How well you respond to Richard Linklater's A Scanner Darkly depends on how much you know about the life and work of celebrated science fiction writer Philip K. Dick. While it qualifies as a faithful adaptation of Dick's semiautobiographical 1977 novel about the perils of drug abuse, Big Brother-like surveillance and rampant paranoia in a very near future ("seven years from now"), this is still very much a Linklater film, and those two qualities don't always connect effectively.

The creepy potency of Dick's premise remains: The drug war's been lost, citizens are kept under rigid surveillance by holographic scanning recorders, and a schizoid addict named Bob Arctor (Keanu Reeves) is facing an identity crisis he's not even aware of:

Due to his voluminous intake of the highly addictive psychotropic drug Substance D, Arctor's brain has been split in two, each hemisphere functioning separately. So he doesn't know that he's also Agent Fred, an undercover agent assigned to infiltrate Arctor's circle of friends (played by Woody Harrelson, Winona Ryder, Rory Cochrane, and Robert Downey, Jr.) to track down the secret source of Substance D.

As he wears a "scramble suit" that constantly shifts identities and renders Agent Fred/Arctor into "the ultimate everyman," Dick's drug-addled antihero must come to grips with a society where, as the movie's tag-line makes clear, "everything is not going to be OK."

While it's virtually guaranteed to achieve some kind of cult status, A Scanner Darkly lacks the paranoid intensity of Dick's novel, and Linklater's established penchant for loose and loopy dialogue doesn't always work here, with an emphasis on drug-culture humor instead of the panicked anxiety that Dick's novel conveys.
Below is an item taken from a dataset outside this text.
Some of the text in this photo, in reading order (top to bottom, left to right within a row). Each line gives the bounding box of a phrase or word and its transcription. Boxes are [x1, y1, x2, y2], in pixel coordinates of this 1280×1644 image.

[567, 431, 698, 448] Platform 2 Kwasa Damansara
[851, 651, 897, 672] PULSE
As for the use of "interpolated rotoscoping"--the technique used to apply shifting, highly stylized animation over conventional live-action footage--it's purely a matter of personal preference. The film's look is appropriate to Dick's dark, cautionary story about the high price of addiction, but it also robs performances of nuance and turns the seriousness of Dick's story into... well, a cartoon.

Opinions will differ, but A Scanner Darkly is definitely worth a look--or two, if the mind-rattling plot doesn't sink in the first time around.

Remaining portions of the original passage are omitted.